Siri, can you fix sexism embedded in voice assistants?

1 Apr 2021

Image: © naka/Stock.adobe.com

Will Apple’s latest Siri update spark a change in the way that AI assistants are often female voices by default?

Yesterday (31 March), it was revealed that Apple would no longer set a default voice for Siri. Instead, iOS users would be prompted to decide whether they would prefer a male or female voice on set-up.

While the default for Siri was male in some regions, the voice of Siri that has been popularised is that of a woman. For many years, it was likely the voice of Susan Bennett. Apple has never officially confirmed Bennett as the original voice of Siri, but many credible sources and your own ears will lead you to believe it.

An iOS update in 2013 introduced the option to switch from one gendered voice to another and altered the original voice somewhat to sound a bit more naturalistic. This week’s update to Siri delivers two new voices that nudge this realism even further. Increased processing aims to make the computer-generated responses, which combine elements from voice actor recordings, sound closer to that of a real person. TechCrunch’s Matthew Panzarino said, “They sound pretty fantastic, with natural inflection and smooth transitions.”

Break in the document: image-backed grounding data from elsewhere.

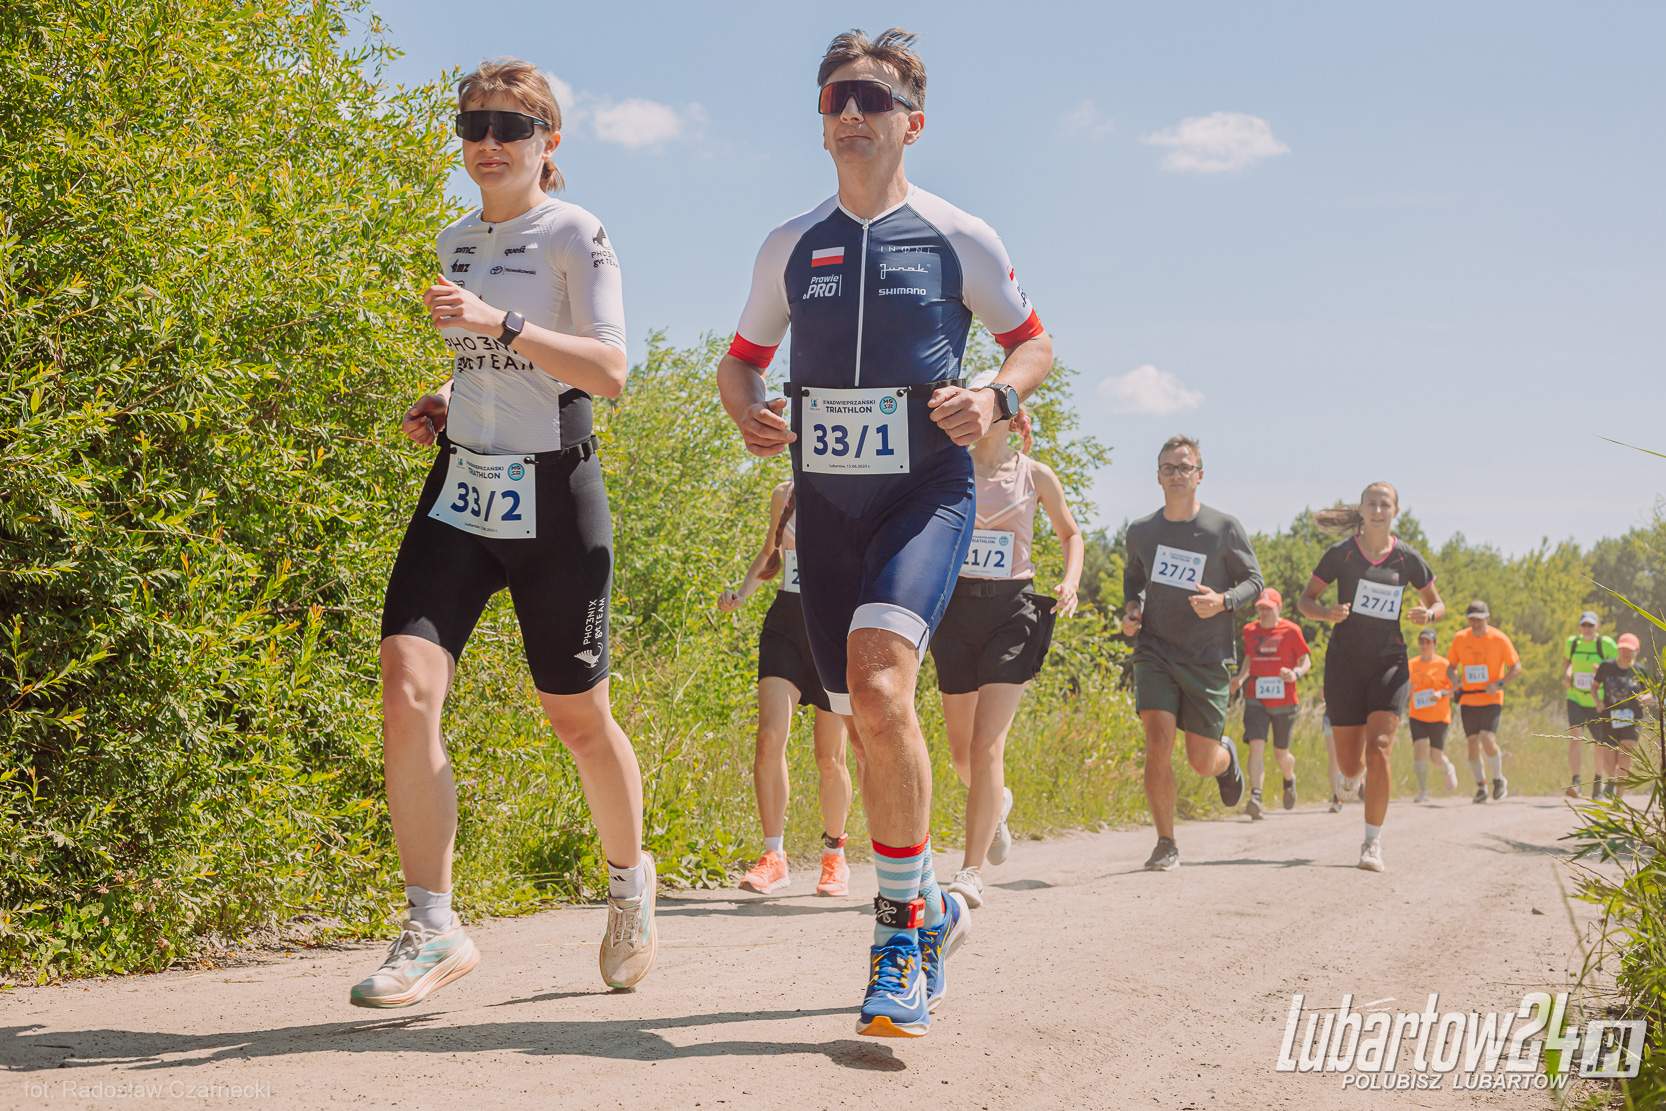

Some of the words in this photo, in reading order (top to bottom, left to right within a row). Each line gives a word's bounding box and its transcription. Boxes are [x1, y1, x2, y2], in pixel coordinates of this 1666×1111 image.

[810, 274, 839, 284] Prowie
[878, 287, 927, 296] SHIMANO
[825, 406, 873, 414] TRIATHLON
[813, 424, 895, 458] 33/1
[450, 482, 522, 522] 33/2
[1158, 561, 1196, 582] 27/2
[1360, 595, 1395, 612] 27/1
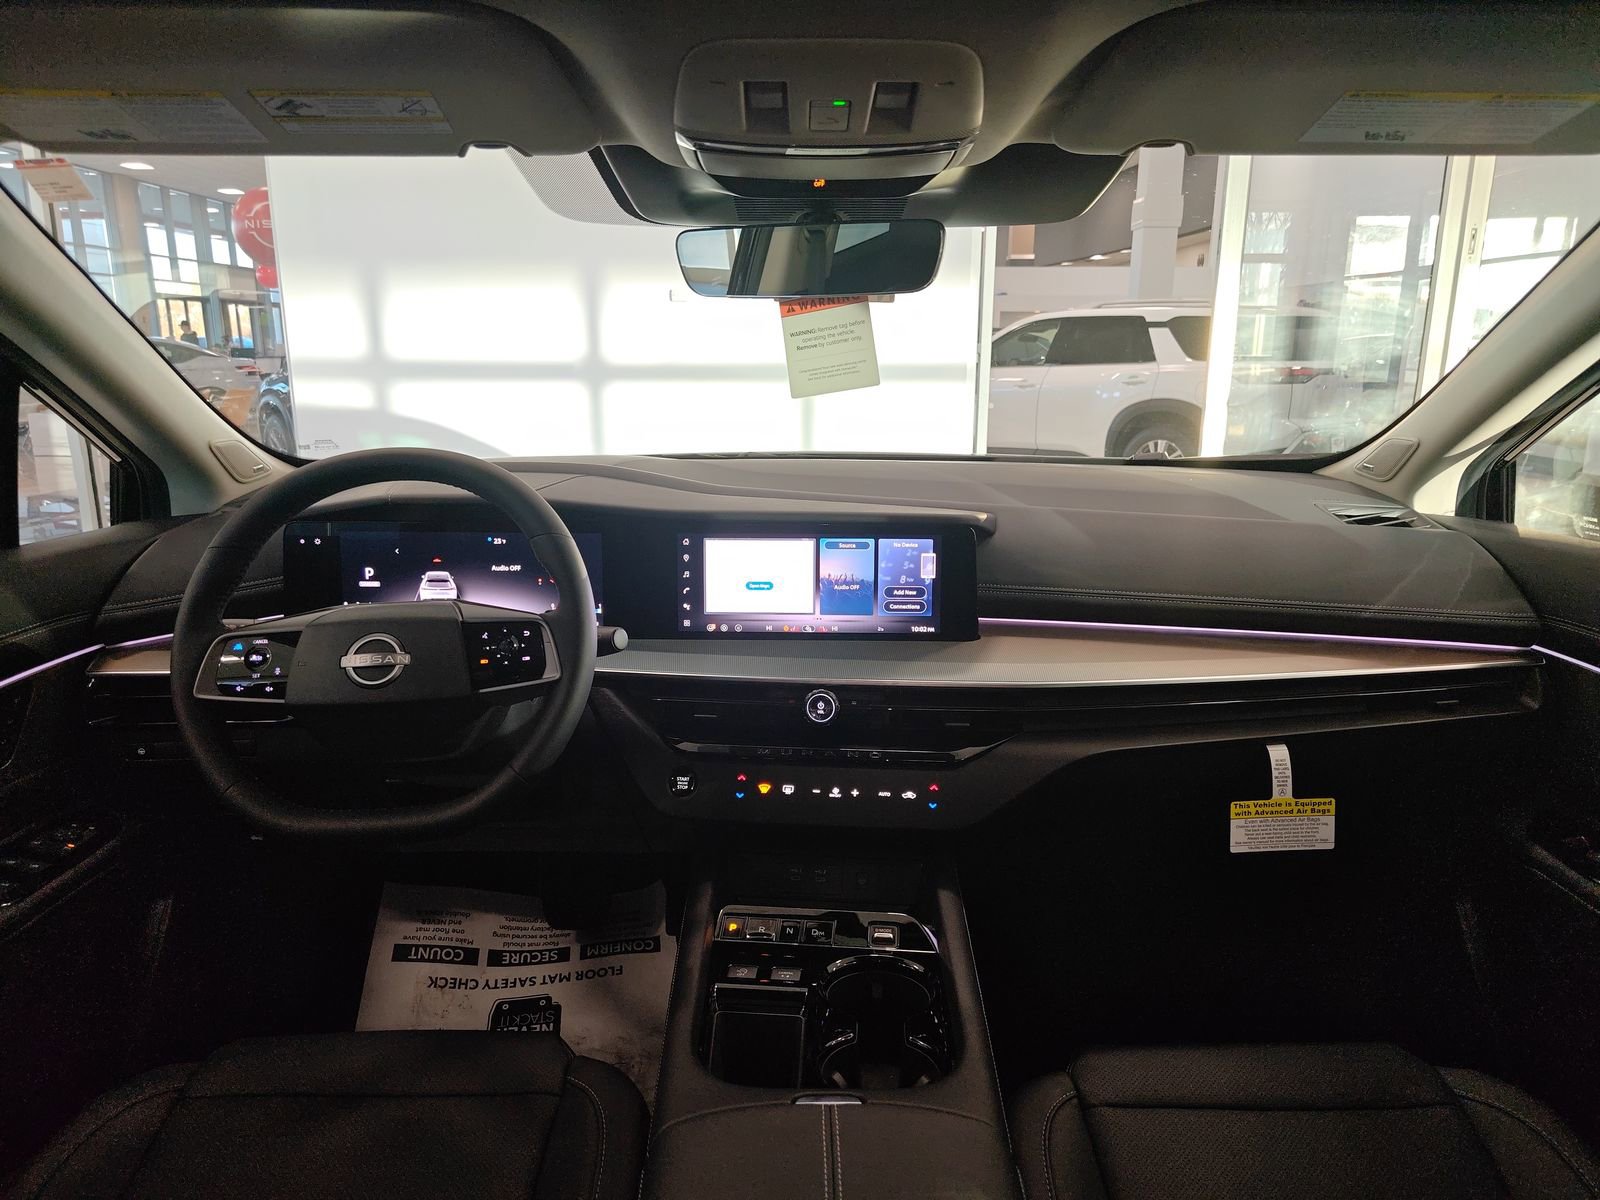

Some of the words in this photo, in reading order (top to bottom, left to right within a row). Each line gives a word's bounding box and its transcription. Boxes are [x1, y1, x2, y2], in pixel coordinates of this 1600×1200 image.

[849, 319, 865, 327] before
[796, 343, 817, 351] Remove
[826, 337, 850, 347] customer
[802, 334, 826, 344] operating
[364, 567, 374, 580] P
[343, 654, 409, 666] NISSAN
[729, 923, 738, 931] P
[456, 937, 474, 945] Make
[407, 946, 464, 961] COUNT
[587, 939, 655, 957] CONFIRM
[501, 950, 558, 964] SECURE
[540, 972, 571, 985] MAT
[575, 965, 623, 981] FLOOR
[427, 976, 479, 990] CHECK
[482, 976, 537, 990] SAFETY
[497, 1015, 510, 1028] IT
[512, 1010, 555, 1026] STACK

And as the makers of voice assistants strive to create ever more human-sounding voices, they have been sparking questions around the gendering of assistive technology, what that says about society’s existing gender biases, and how these tools can either exacerbate or address these issues.

In 2019, a group of linguists, technologists and sound designers sought to address some of the concerns around gendered AI with Q, a genderless voice for assistive technologies.

Dr Julie Carpenter, a California-based researcher who worked on Q, told NPR: “One of our big goals with Q was to contribute to a global conversation about gender, and about gender and technology and ethics, and how to be inclusive for people that identify in all sorts of different ways.”

This chimes with Apple’s statement on the move away from gender defaults when it comes to its voice assistant. “This is a continuation of Apple’s long-standing commitment to diversity and inclusion, and products and services that are designed to better reflect the diversity of the world we live in,” the company said this week.

‘Because the speech of most voice assistants is female, it sends a signal that women are obliging, docile and eager-to-please helpers’
– UNESCO REPORT

According to TechCrunch, Siri handles 25bn requests each month. The Apple voice assistant is available in 36 countries, and so has been equipped with 21 languages and a range of accents – including Irish – to optimise familiarity.

So Siri doesn’t have to sound like Susan Bennett or any other English-speaking North American woman, though this is often the default for voice assistants. See Google Assistant, Amazon’s Alexa and Microsoft’s Cortana to complete the set of top tech examples.

A report published by UNESCO in 2019 said of this trend: “Because the speech of most voice assistants is female, it sends a signal that women are obliging, docile and eager-to-please helpers, available at the touch of a button or with a blunt voice command like ‘hey’ or ‘OK’.”

This report was titled ‘I’d blush if I could’, borrowed from one of Siri’s programmed responses to being called a ‘slut’. It was Quartz that conducted this experiment of sexually harassing voice assistants in 2017. Not just to push the buttons of an emotionless piece of technology, but because it is known that users tend to be abusive to AI assistants and how these assistants respond to such abuse can have wider implications.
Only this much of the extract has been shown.